START Records for the task

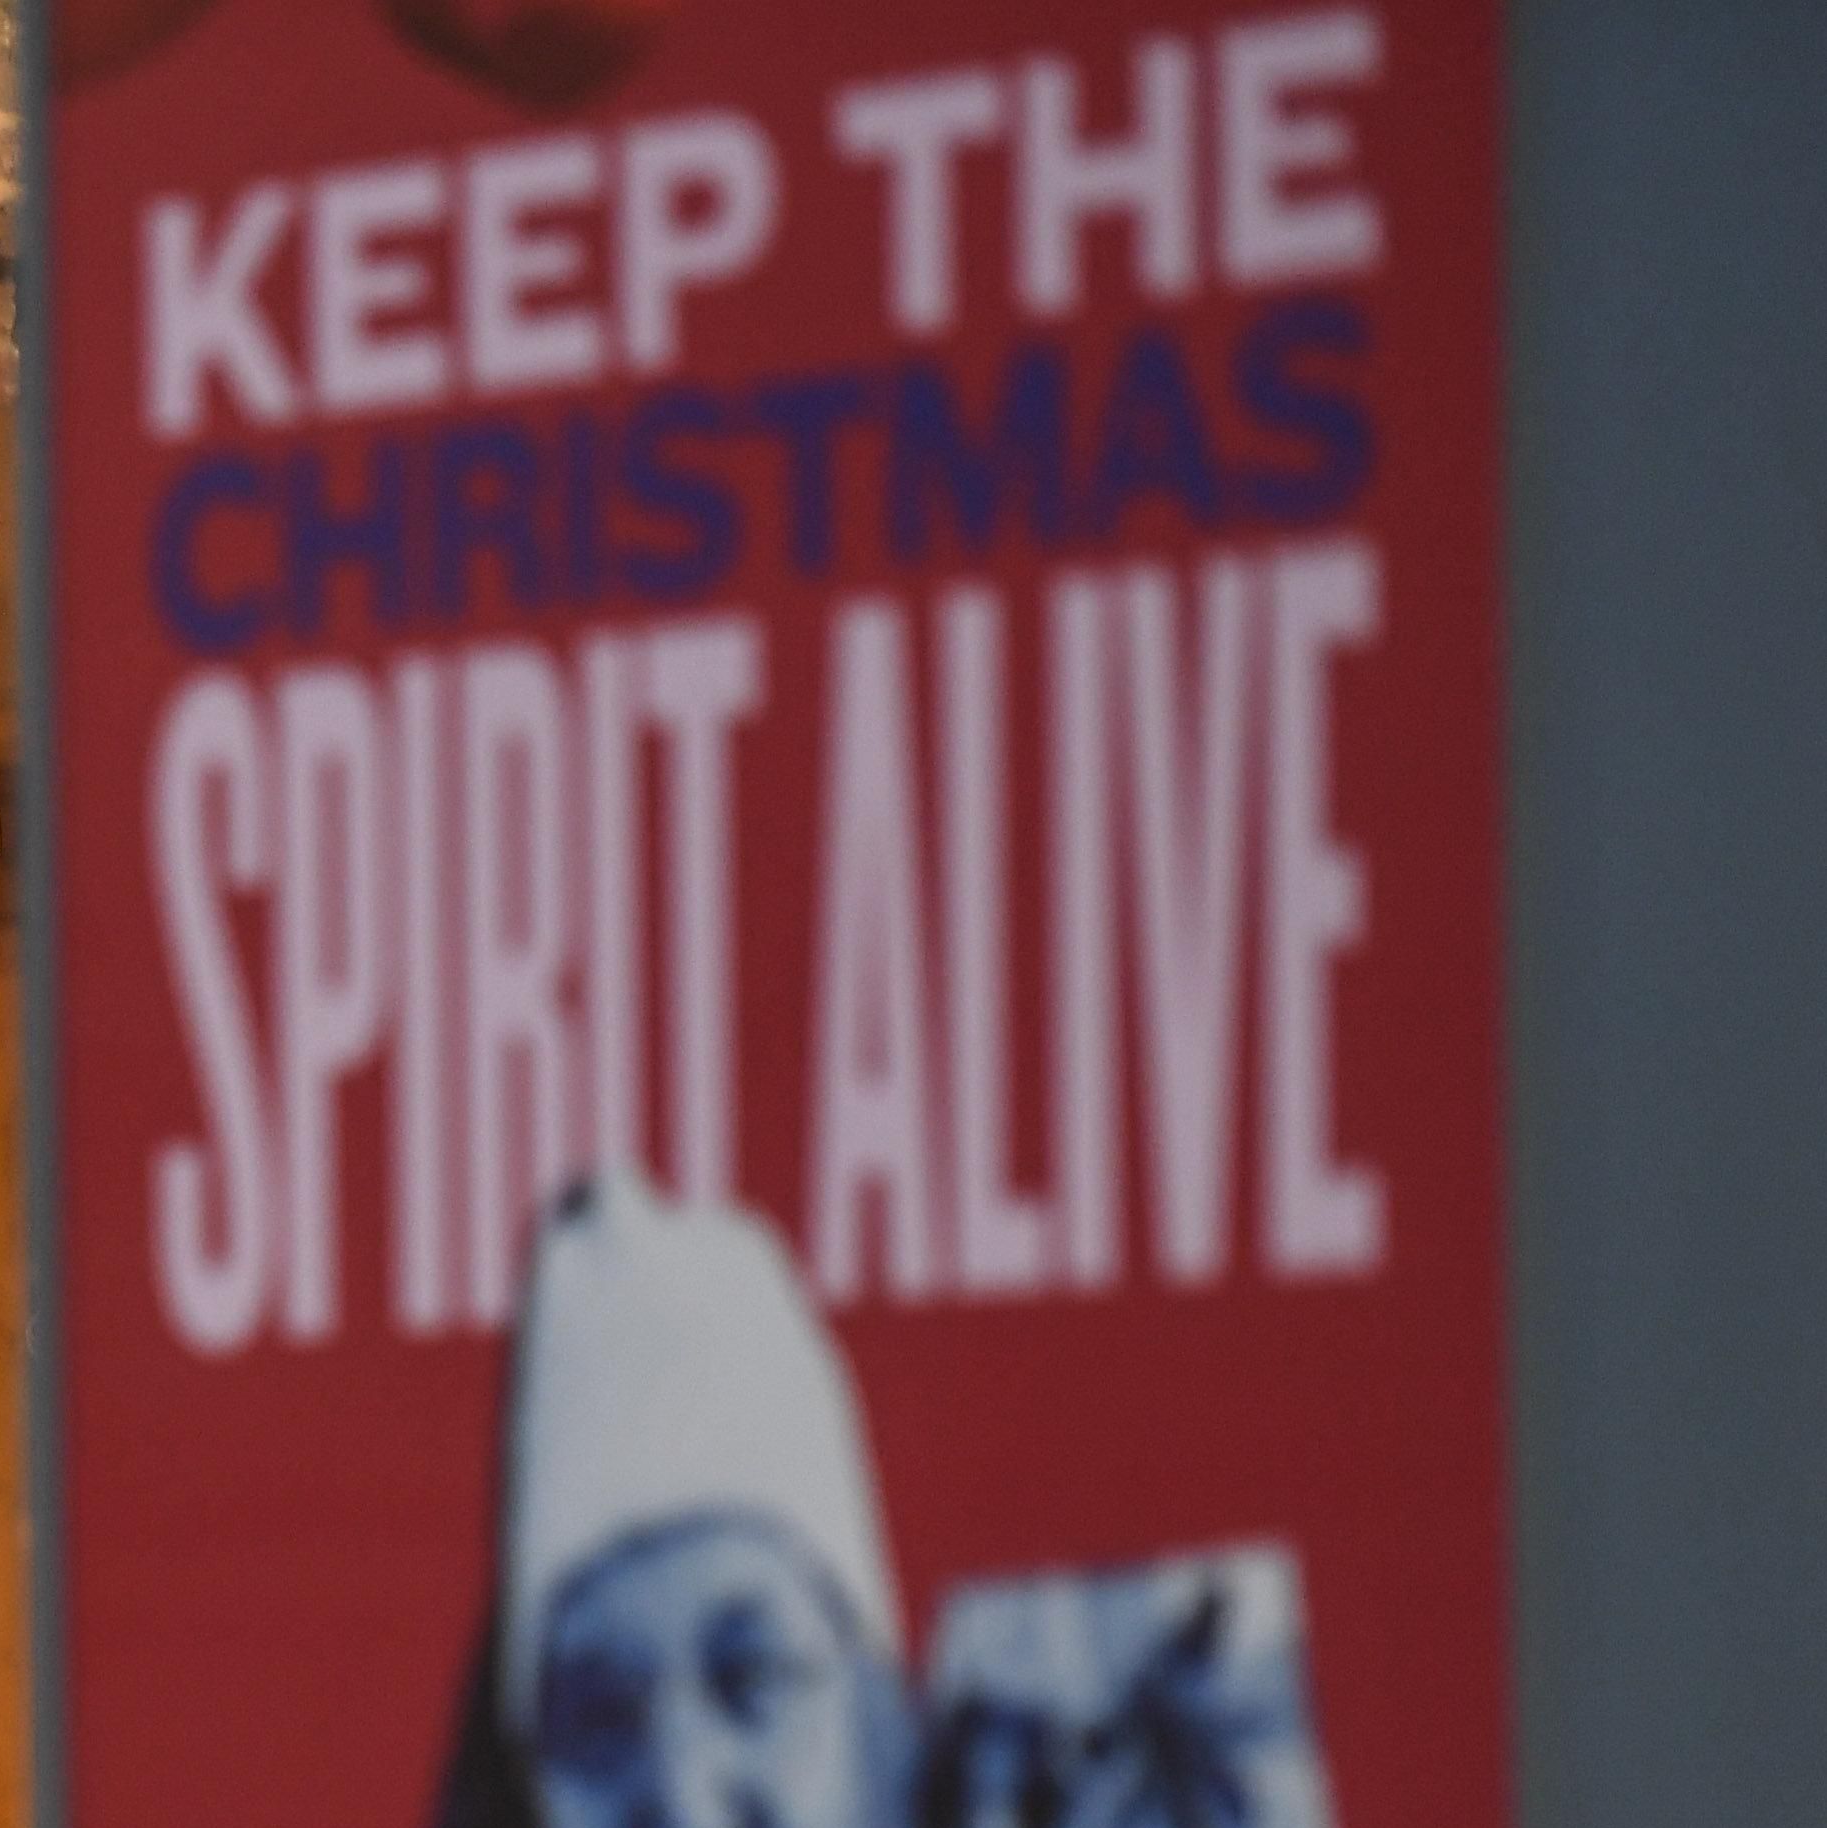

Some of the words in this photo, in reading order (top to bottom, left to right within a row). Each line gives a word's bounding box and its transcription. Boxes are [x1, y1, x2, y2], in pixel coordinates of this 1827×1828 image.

[145, 112, 780, 436] KEEP
[830, 12, 1385, 336] THE
[157, 294, 1377, 656] CHRISTMAS
[153, 613, 763, 1356] SPIRIT
[813, 537, 1385, 1308] ALIVE
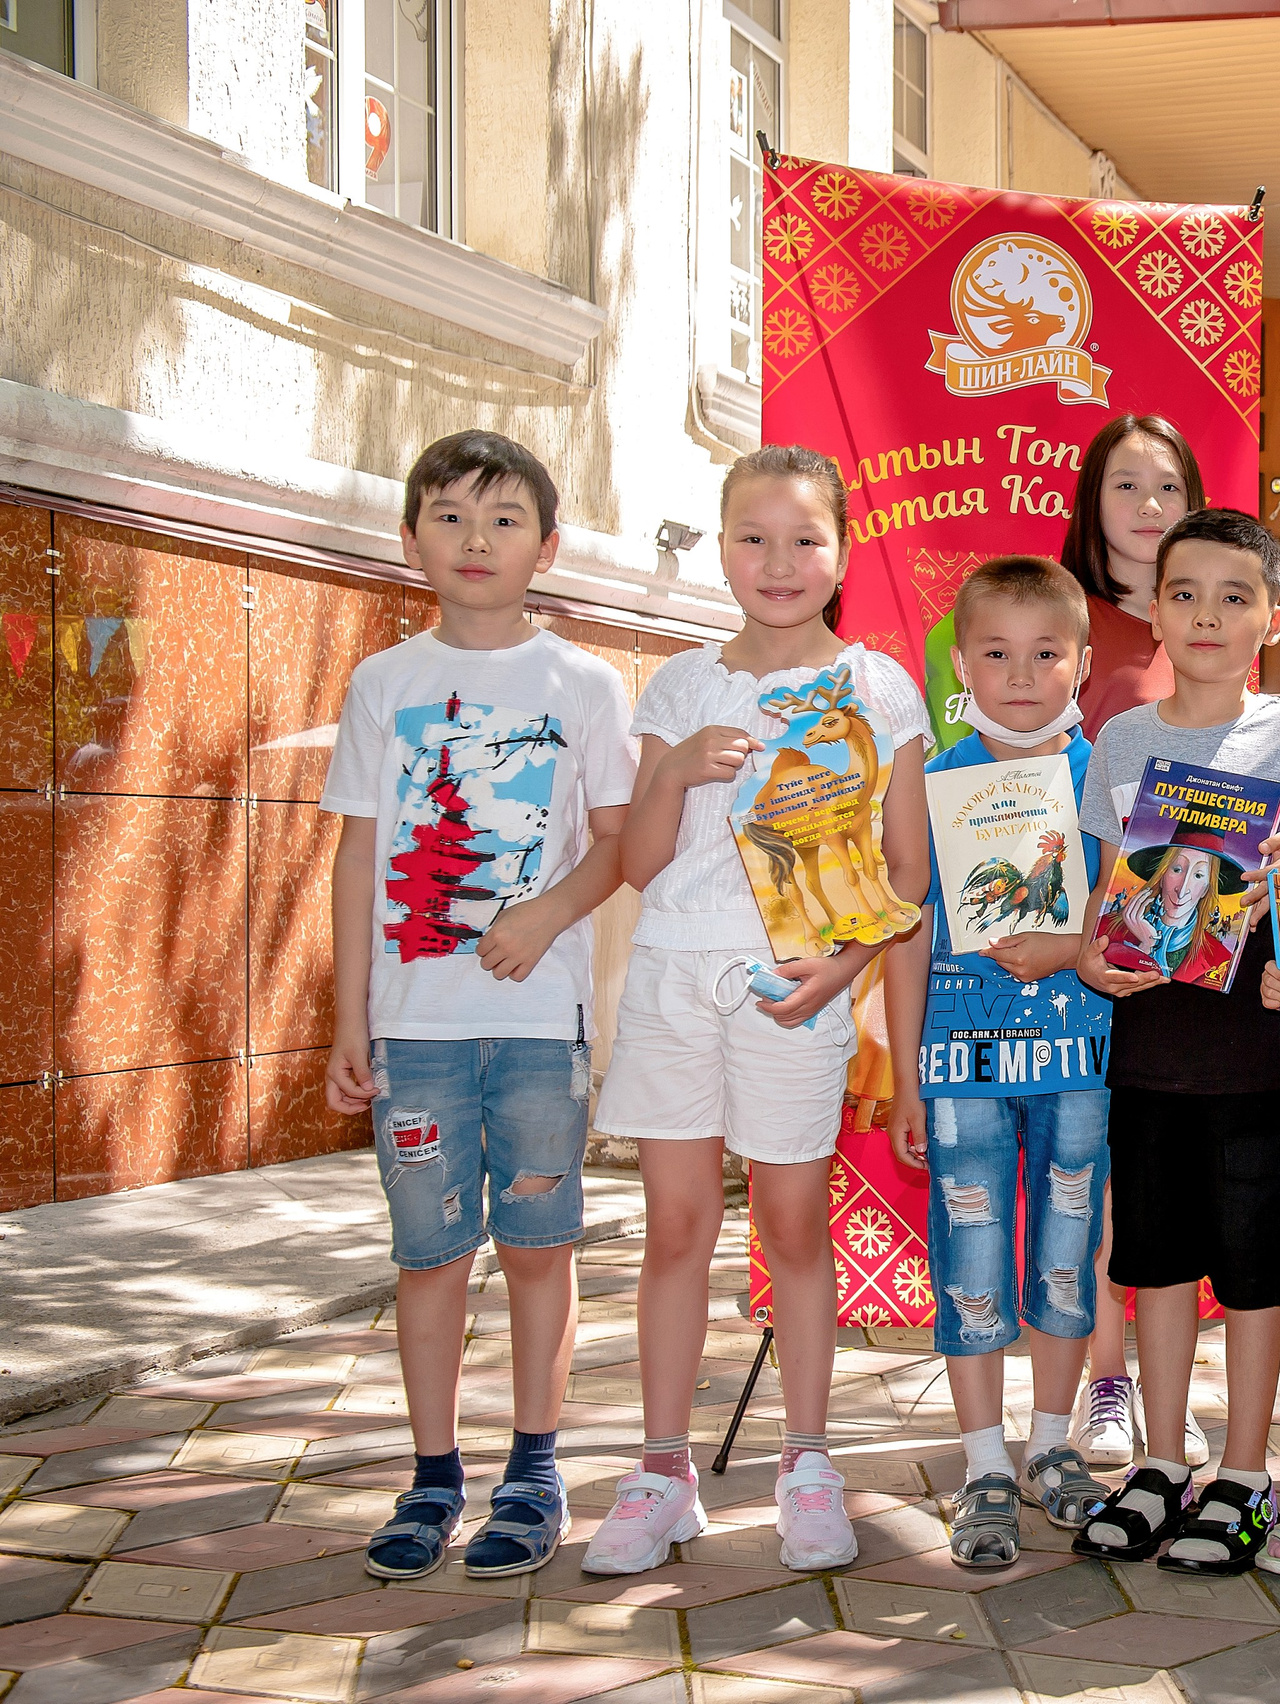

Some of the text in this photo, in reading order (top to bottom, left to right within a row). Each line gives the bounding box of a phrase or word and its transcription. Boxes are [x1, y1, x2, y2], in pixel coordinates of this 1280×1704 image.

[958, 350, 1079, 389] ШИН-ЛАЙН
[1186, 775, 1244, 793] Джонатан Свифт
[1153, 781, 1268, 817] ПУТЕШЕСТВИЯ
[772, 813, 811, 831] Почему
[814, 798, 860, 816] верблюд
[1158, 803, 1248, 835] ГУЛЛИВЕРА
[791, 832, 822, 847] когда
[975, 820, 1048, 841] БУРАТИНО
[1005, 1028, 1041, 1038] BRANDS

END Records for the task

### The task
When copying, output the data exactly and leave out the pictures.

### Output of the task
Some of the words in this photo, in reading order (top to bottom, left to right within a row). Each line gives a word's bounding box and its transcription. Boxes are [x1, y1, x2, y2], in pixel coordinates of this 1827×1828 image.

[145, 112, 780, 436] KEEP
[830, 12, 1385, 336] THE
[157, 294, 1377, 656] CHRISTMAS
[153, 613, 763, 1356] SPIRIT
[813, 537, 1385, 1308] ALIVE

Some of the text in this photo, in reading order (top to bottom, left to right within a row). Each line gives the bounding box of a phrase or word and its transcription. Boxes are [x1, y1, x2, y2], in pixel coordinates of this 1280×1704 image.

[958, 350, 1079, 389] ШИН-ЛАЙН
[1186, 775, 1244, 793] Джонатан Свифт
[1153, 781, 1268, 817] ПУТЕШЕСТВИЯ
[772, 813, 811, 831] Почему
[814, 798, 860, 816] верблюд
[1158, 803, 1248, 835] ГУЛЛИВЕРА
[791, 832, 822, 847] когда
[975, 820, 1048, 841] БУРАТИНО
[1005, 1028, 1041, 1038] BRANDS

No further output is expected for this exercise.